[Spatial localization data]

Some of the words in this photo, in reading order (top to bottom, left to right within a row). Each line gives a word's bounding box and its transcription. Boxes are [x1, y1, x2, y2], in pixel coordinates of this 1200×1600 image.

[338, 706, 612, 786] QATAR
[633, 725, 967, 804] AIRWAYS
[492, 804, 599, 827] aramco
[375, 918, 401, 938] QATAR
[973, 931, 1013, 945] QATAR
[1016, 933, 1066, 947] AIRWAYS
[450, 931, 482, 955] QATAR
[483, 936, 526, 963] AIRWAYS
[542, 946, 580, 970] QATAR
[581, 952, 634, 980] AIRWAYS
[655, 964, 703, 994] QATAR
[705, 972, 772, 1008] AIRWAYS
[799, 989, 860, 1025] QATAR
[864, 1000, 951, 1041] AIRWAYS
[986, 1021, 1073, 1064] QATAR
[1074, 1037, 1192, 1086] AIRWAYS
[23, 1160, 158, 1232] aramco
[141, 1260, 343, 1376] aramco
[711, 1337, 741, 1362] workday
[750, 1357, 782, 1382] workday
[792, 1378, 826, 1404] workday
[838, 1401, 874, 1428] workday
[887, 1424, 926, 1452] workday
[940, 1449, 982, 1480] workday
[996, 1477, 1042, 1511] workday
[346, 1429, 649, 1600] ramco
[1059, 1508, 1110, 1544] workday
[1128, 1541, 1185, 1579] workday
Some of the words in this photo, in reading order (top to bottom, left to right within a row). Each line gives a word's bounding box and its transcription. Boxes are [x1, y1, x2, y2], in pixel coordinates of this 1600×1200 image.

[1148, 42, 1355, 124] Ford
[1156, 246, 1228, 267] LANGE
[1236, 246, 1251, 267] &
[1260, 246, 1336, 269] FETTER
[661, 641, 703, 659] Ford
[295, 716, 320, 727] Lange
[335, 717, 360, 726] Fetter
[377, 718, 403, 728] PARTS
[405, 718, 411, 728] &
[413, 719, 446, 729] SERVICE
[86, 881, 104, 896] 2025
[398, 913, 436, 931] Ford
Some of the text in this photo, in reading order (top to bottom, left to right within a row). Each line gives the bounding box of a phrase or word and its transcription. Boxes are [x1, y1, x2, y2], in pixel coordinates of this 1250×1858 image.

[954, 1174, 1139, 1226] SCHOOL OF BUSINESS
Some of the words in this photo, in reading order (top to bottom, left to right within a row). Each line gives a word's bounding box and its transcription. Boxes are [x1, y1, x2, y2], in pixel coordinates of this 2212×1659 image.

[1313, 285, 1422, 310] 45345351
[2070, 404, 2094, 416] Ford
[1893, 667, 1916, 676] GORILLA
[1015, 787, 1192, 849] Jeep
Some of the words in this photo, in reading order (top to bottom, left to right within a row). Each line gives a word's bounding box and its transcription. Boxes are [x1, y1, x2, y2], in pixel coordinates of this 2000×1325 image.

**Goal of the exercise:**
Transcribe the records in full, so that each line reads exactly as before.

**Your response:**
Some of the words in this photo, in reading order (top to bottom, left to right within a row). Each line gives a word's bounding box and its transcription. Boxes are [x1, y1, x2, y2], in pixel coordinates of this 1200×1600 image.

[338, 706, 612, 786] QATAR
[633, 725, 967, 804] AIRWAYS
[492, 804, 599, 827] aramco
[375, 918, 401, 938] QATAR
[973, 931, 1013, 945] QATAR
[1016, 933, 1066, 947] AIRWAYS
[450, 931, 482, 955] QATAR
[483, 936, 526, 963] AIRWAYS
[542, 946, 580, 970] QATAR
[581, 952, 634, 980] AIRWAYS
[655, 964, 703, 994] QATAR
[705, 972, 772, 1008] AIRWAYS
[799, 989, 860, 1025] QATAR
[864, 1000, 951, 1041] AIRWAYS
[986, 1021, 1073, 1064] QATAR
[1074, 1037, 1192, 1086] AIRWAYS
[23, 1160, 158, 1232] aramco
[141, 1260, 343, 1376] aramco
[711, 1337, 741, 1362] workday
[750, 1357, 782, 1382] workday
[792, 1378, 826, 1404] workday
[838, 1401, 874, 1428] workday
[887, 1424, 926, 1452] workday
[940, 1449, 982, 1480] workday
[996, 1477, 1042, 1511] workday
[346, 1429, 649, 1600] ramco
[1059, 1508, 1110, 1544] workday
[1128, 1541, 1185, 1579] workday
Some of the words in this photo, in reading order (top to bottom, left to right within a row). Each line gives a word's bounding box and its transcription. Boxes are [x1, y1, x2, y2], in pixel coordinates of this 1600×1200 image.

[1148, 42, 1355, 124] Ford
[1156, 246, 1228, 267] LANGE
[1236, 246, 1251, 267] &
[1260, 246, 1336, 269] FETTER
[661, 641, 703, 659] Ford
[295, 716, 320, 727] Lange
[335, 717, 360, 726] Fetter
[377, 718, 403, 728] PARTS
[405, 718, 411, 728] &
[413, 719, 446, 729] SERVICE
[86, 881, 104, 896] 2025
[398, 913, 436, 931] Ford
Some of the text in this photo, in reading order (top to bottom, left to right within a row). Each line gives the bounding box of a phrase or word and its transcription. Boxes are [x1, y1, x2, y2], in pixel coordinates of this 1250×1858 image.

[954, 1174, 1139, 1226] SCHOOL OF BUSINESS
Some of the words in this photo, in reading order (top to bottom, left to right within a row). Each line gives a word's bounding box and its transcription. Boxes are [x1, y1, x2, y2], in pixel coordinates of this 2212×1659 image.

[1313, 285, 1422, 310] 45345351
[2070, 404, 2094, 416] Ford
[1893, 667, 1916, 676] GORILLA
[1015, 787, 1192, 849] Jeep
Some of the words in this photo, in reading order (top to bottom, left to right within a row). Each line gives a word's bounding box and its transcription. Boxes are [x1, y1, x2, y2], in pixel coordinates of this 2000×1325 image.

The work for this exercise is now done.